Летун

Евгений Сипков
-  Это же надо, - сказал пожилой грузный  мужчина в сером пиджаке и рубашке цвета хаки с  темно-зелёным  галстуком, рассматривая мою трудовую книжку, - ты, нигде подолгу не засиживался, максимум полгода – год, не больше.
- Почему?  В художественно-оформительском комбинате – почти  три года, - вяло возразил я.
 Но начальник отдела кадров, даже не понял о чём это я говорю, и продолжал:
- Понятно, что так работать может только – летун.
Я, впервые услышав этот термин, сказал:
- В обще-то я не лётчик, а художник. Может вы меня перепутали с моим соседом? Вот тот действительно – лёдчик, лёд возит в некоторые старые подвалы, где хранятся продукты.
Но, этот, как видно бывший военный, юмора не догнал…
Он, только  дальше листал мою трудовую книжку и возмущался, а потом с удивлением спросил:
- Так я не понял, кто ты по специальности? У тебя здесь столько профессий, что чёрт ногу сломает.
  Я сначала хотел ему растолковать, что часто, работа художника-оформителя имеет временный характер, мол, берут меня на работу, кем ни попадя, на любую должность: от истопника или  маляра - до младшего научного сотрудника, чтобы я выполнил какую-нибудь заказ, типа, нарисовать панно на фасад здания или оформить сцену и красный уголок, а потом, по окончанию – увольняют, потому, как больше в услугах  художника не нуждаются. Но этот отставник, даже не понимал о чём идёт речь. Он видно думал, что работа должна быть, как служба – одна и на всю жизнь.
   Когда я врубился, что говорить с ним бесполезно, то напрямик спросил:
- С кем  мне обсудить условия работы и, какое будет денежное вознаграждение.
Посмотрев на меня, так, как будто я, набравшись наглости, спросил о чём-то секретном, кадровик процедил:
- Ваш начальник, будет - парторг, но учтите, что в нашем проектном институте художник   получает ставку старшего макетчика, а это очень приличные деньги. Я сейчас позвоню, и он сюда придёт .

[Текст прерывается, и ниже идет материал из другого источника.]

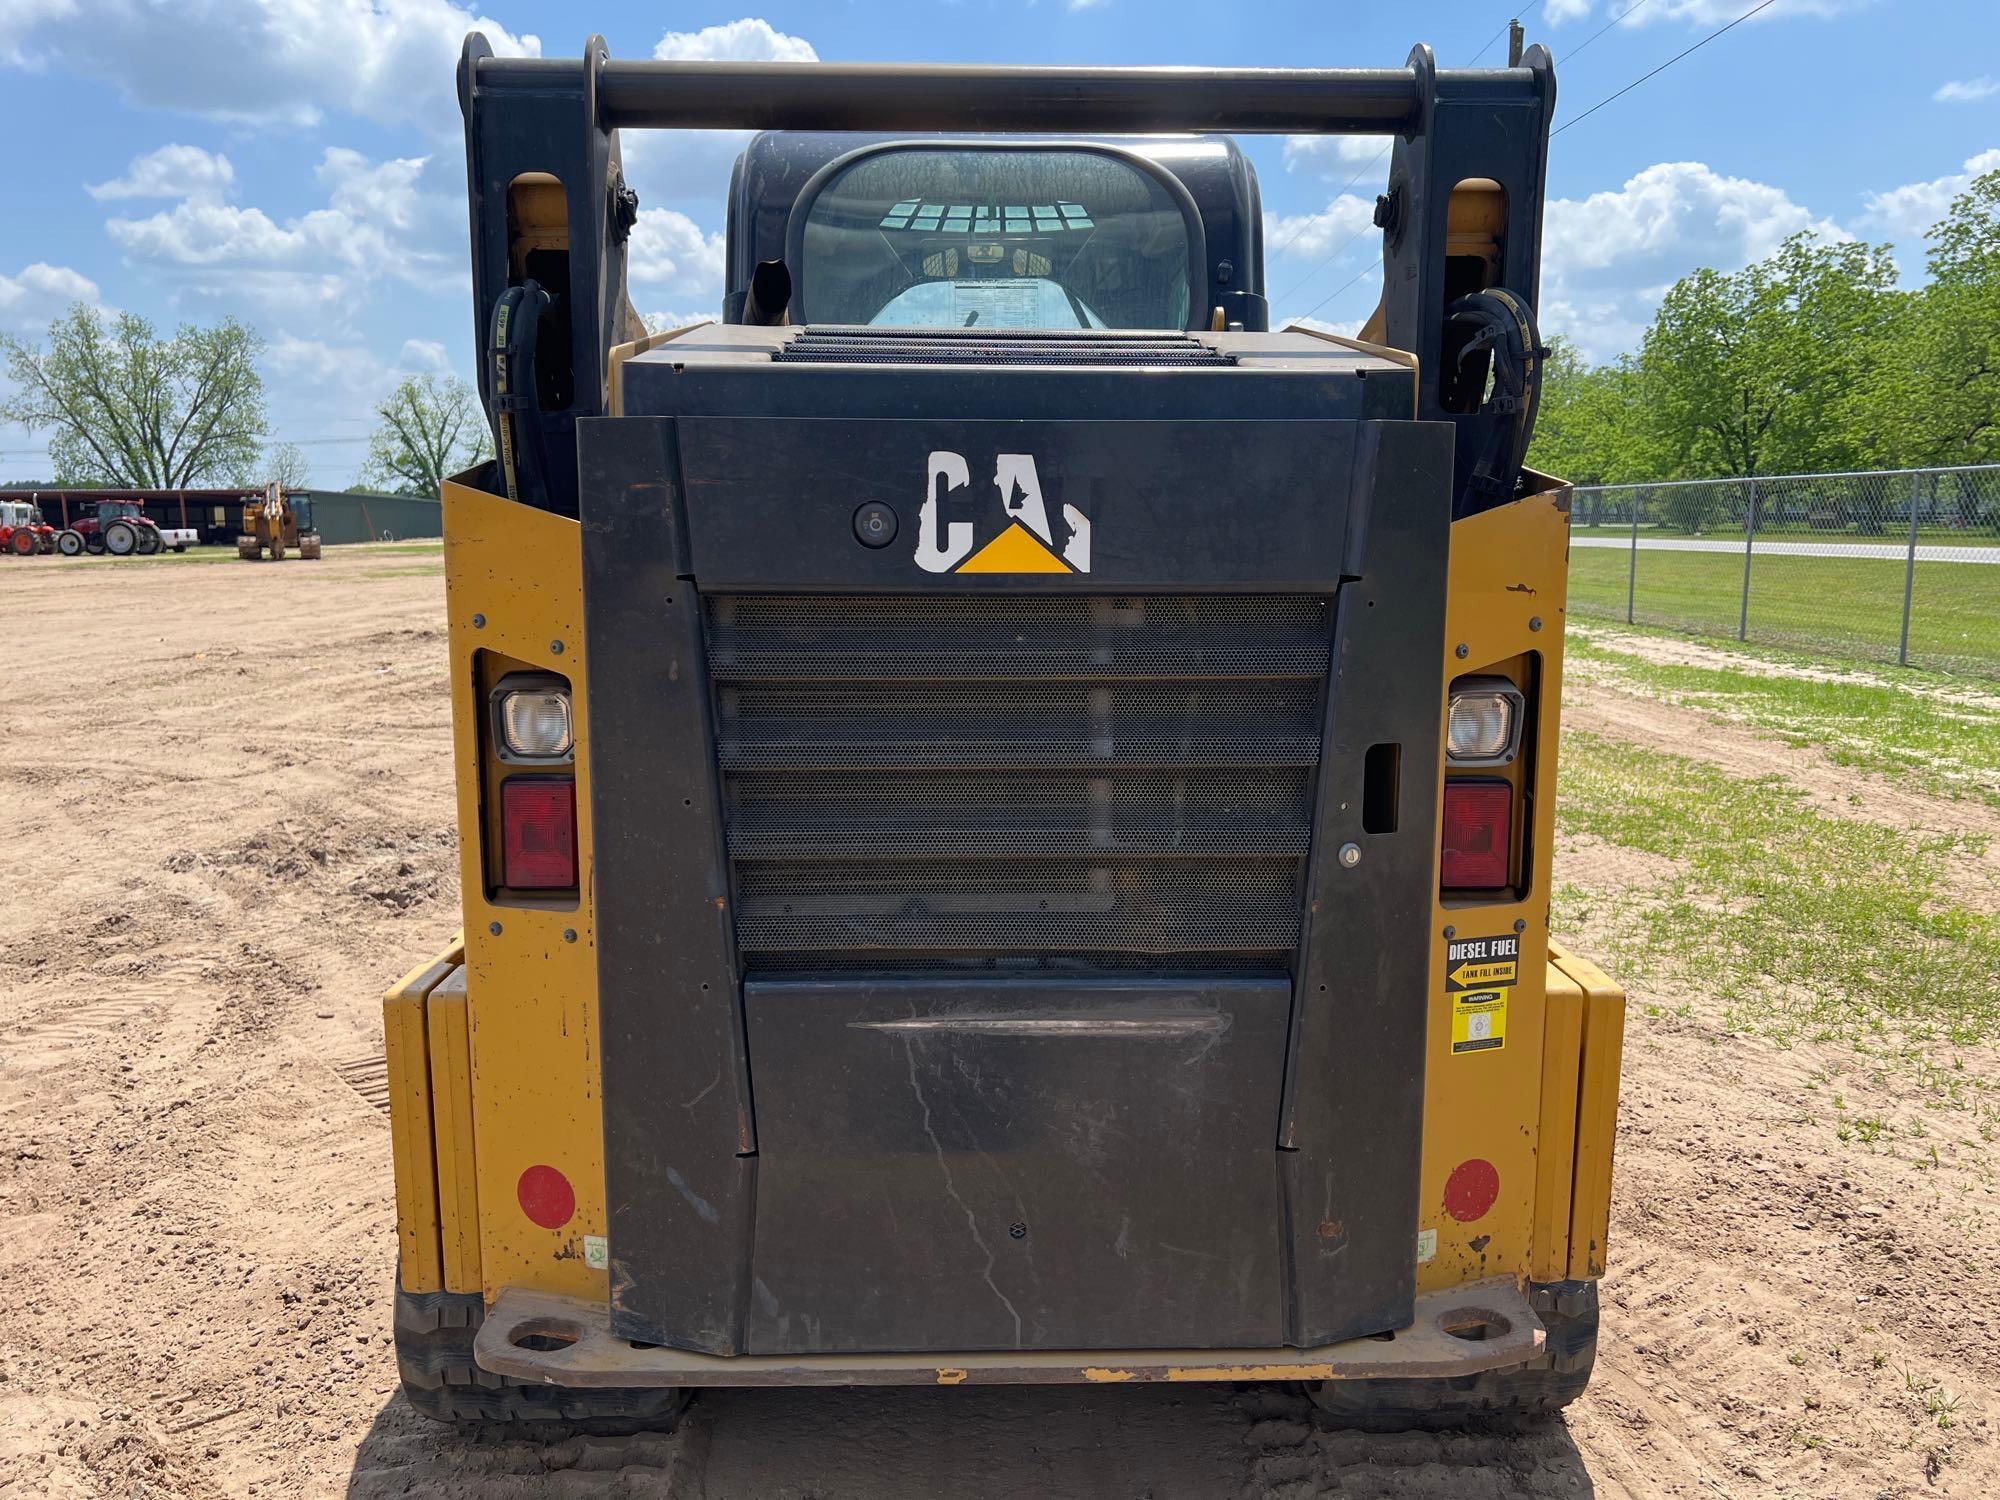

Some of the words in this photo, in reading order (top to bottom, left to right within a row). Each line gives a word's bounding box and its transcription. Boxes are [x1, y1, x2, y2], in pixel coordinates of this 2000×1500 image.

[1449, 941, 1488, 961] DIESEL
[1491, 939, 1518, 956] FUEL
[1462, 969, 1478, 979] TANK
[1479, 968, 1492, 977] FILL
[1493, 966, 1513, 976] INSIDE
[1468, 994, 1493, 1003] WARNING

   Пока отставник крутил диск телефона, я подумал: «Вот, дёрнул же меня чёрт прийти в эту контору. Это мой дядя Славик сказал, что его приятель работает парторгом в одном проектном институте и ему надо помочь. А, с другой стороны - место удачное, здание стоит прямо в центре города, можно использовать мастерскую, как перевалочный пункт, чтобы не возить планшеты из одного конца города – в другой».
  Пока я прикидывал все плюсы и минусы такой работы, пришёл парторг. Сразу было видно, что это - полная противоположность кадровику. Высокий худощавый в белом халате, из-под которого выглядывала синяя клетчатая рубашка, на вид ему было лет тридцать пять, не больше. Тёмные кучерявые волосы и очки дополняли образ физика-ядерщика, который часто показывали  по телевизору в кинофильмах.
  Приветливо улыбнувшись, парторг представился:
- Евгений Константинович, - и протянув руку, чтобы поздороваться, продолжил, - я зав.отдела макетного цеха.
- А, я-тёзка, Евгений Васильевич, художник, меня направил ваш знакомый,Славик. Хочу перед тем, как устраиваться, узнать какой объём работы надо выполнить.
- Объём у нас большой, - сказал он, - пойдёмте я вам всё покажу.
  И мы вышли из кабинета.
- Институт у нас целых четыре этажа и по всем коридорам висит наглядная агитация, которую надо обновить. А то недавно приходила комиссия из райкома и сделала замечание, что за четыре года ничего не обновлялось, мол, уже новая пятилетка - на носу, а у нас показатели устаревшие.В общем беда-да и только.
   На первом этаже, глянув на доску объявлений, на которой на половинке листа ватмана, кривыми буквами красовалось какое-то сообщение, я сказал:
- Так, вот, я смотрю, у вас есть художник и даже неплохо малюет буквы.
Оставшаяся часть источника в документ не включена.